### Try it
The whole listing below should be output again, word for word.

### Supplied material
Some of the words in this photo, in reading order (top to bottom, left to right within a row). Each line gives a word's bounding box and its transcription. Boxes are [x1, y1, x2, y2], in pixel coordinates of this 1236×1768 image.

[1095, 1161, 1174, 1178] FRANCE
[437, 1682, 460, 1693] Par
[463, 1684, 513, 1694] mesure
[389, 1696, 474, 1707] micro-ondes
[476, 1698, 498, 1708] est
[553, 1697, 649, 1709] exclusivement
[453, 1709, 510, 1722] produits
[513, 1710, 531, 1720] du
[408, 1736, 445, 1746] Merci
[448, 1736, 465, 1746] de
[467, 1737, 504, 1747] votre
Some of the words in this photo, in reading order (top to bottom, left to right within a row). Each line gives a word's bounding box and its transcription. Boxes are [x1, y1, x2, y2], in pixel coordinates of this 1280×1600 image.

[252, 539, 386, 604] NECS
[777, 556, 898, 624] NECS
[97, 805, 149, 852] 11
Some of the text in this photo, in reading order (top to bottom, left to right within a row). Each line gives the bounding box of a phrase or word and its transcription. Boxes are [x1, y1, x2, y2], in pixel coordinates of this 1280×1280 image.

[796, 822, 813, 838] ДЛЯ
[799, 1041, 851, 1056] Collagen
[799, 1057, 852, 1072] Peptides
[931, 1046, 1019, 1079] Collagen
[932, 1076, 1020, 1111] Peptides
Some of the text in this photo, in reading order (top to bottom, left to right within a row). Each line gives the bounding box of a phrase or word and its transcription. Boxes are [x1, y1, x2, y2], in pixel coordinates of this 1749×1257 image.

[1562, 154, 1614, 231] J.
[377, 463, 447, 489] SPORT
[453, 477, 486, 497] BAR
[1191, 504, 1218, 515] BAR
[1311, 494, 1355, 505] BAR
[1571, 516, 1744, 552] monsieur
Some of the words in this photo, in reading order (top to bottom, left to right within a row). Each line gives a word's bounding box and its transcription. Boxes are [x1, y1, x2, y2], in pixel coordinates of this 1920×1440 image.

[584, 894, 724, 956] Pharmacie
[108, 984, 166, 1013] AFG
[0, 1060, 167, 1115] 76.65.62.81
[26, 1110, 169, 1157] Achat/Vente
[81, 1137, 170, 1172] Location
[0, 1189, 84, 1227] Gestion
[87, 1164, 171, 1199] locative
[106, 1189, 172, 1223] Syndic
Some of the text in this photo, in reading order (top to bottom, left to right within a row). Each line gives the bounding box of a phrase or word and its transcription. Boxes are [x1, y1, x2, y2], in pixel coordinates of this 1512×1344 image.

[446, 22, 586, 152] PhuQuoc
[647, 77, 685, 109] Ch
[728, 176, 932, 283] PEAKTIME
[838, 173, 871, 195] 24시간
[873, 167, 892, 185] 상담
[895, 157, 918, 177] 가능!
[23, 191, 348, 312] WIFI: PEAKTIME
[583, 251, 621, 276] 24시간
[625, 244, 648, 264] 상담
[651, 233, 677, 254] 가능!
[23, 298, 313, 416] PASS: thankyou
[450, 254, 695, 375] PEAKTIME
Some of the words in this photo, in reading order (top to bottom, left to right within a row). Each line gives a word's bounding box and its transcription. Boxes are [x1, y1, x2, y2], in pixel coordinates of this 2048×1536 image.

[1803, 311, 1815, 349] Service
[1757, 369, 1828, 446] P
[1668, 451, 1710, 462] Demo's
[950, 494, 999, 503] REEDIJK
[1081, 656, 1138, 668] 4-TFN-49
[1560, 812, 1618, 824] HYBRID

### Your solution
Some of the words in this photo, in reading order (top to bottom, left to right within a row). Each line gives a word's bounding box and its transcription. Boxes are [x1, y1, x2, y2], in pixel coordinates of this 1236×1768 image.

[1095, 1161, 1174, 1178] FRANCE
[437, 1682, 460, 1693] Par
[463, 1684, 513, 1694] mesure
[389, 1696, 474, 1707] micro-ondes
[476, 1698, 498, 1708] est
[553, 1697, 649, 1709] exclusivement
[453, 1709, 510, 1722] produits
[513, 1710, 531, 1720] du
[408, 1736, 445, 1746] Merci
[448, 1736, 465, 1746] de
[467, 1737, 504, 1747] votre
Some of the words in this photo, in reading order (top to bottom, left to right within a row). Each line gives a word's bounding box and its transcription. Boxes are [x1, y1, x2, y2], in pixel coordinates of this 1280×1600 image.

[252, 539, 386, 604] NECS
[777, 556, 898, 624] NECS
[97, 805, 149, 852] 11
Some of the text in this photo, in reading order (top to bottom, left to right within a row). Each line gives the bounding box of a phrase or word and its transcription. Boxes are [x1, y1, x2, y2], in pixel coordinates of this 1280×1280 image.

[796, 822, 813, 838] ДЛЯ
[799, 1041, 851, 1056] Collagen
[799, 1057, 852, 1072] Peptides
[931, 1046, 1019, 1079] Collagen
[932, 1076, 1020, 1111] Peptides
Some of the text in this photo, in reading order (top to bottom, left to right within a row). Each line gives the bounding box of a phrase or word and its transcription. Boxes are [x1, y1, x2, y2], in pixel coordinates of this 1749×1257 image.

[1562, 154, 1614, 231] J.
[377, 463, 447, 489] SPORT
[453, 477, 486, 497] BAR
[1191, 504, 1218, 515] BAR
[1311, 494, 1355, 505] BAR
[1571, 516, 1744, 552] monsieur
Some of the words in this photo, in reading order (top to bottom, left to right within a row). Each line gives a word's bounding box and its transcription. Boxes are [x1, y1, x2, y2], in pixel coordinates of this 1920×1440 image.

[584, 894, 724, 956] Pharmacie
[108, 984, 166, 1013] AFG
[0, 1060, 167, 1115] 76.65.62.81
[26, 1110, 169, 1157] Achat/Vente
[81, 1137, 170, 1172] Location
[0, 1189, 84, 1227] Gestion
[87, 1164, 171, 1199] locative
[106, 1189, 172, 1223] Syndic
Some of the text in this photo, in reading order (top to bottom, left to right within a row). Each line gives the bounding box of a phrase or word and its transcription. Boxes are [x1, y1, x2, y2], in pixel coordinates of this 1512×1344 image.

[446, 22, 586, 152] PhuQuoc
[647, 77, 685, 109] Ch
[728, 176, 932, 283] PEAKTIME
[838, 173, 871, 195] 24시간
[873, 167, 892, 185] 상담
[895, 157, 918, 177] 가능!
[23, 191, 348, 312] WIFI: PEAKTIME
[583, 251, 621, 276] 24시간
[625, 244, 648, 264] 상담
[651, 233, 677, 254] 가능!
[23, 298, 313, 416] PASS: thankyou
[450, 254, 695, 375] PEAKTIME
Some of the words in this photo, in reading order (top to bottom, left to right within a row). Each line gives a word's bounding box and its transcription. Boxes are [x1, y1, x2, y2], in pixel coordinates of this 2048×1536 image.

[1803, 311, 1815, 349] Service
[1757, 369, 1828, 446] P
[1668, 451, 1710, 462] Demo's
[950, 494, 999, 503] REEDIJK
[1081, 656, 1138, 668] 4-TFN-49
[1560, 812, 1618, 824] HYBRID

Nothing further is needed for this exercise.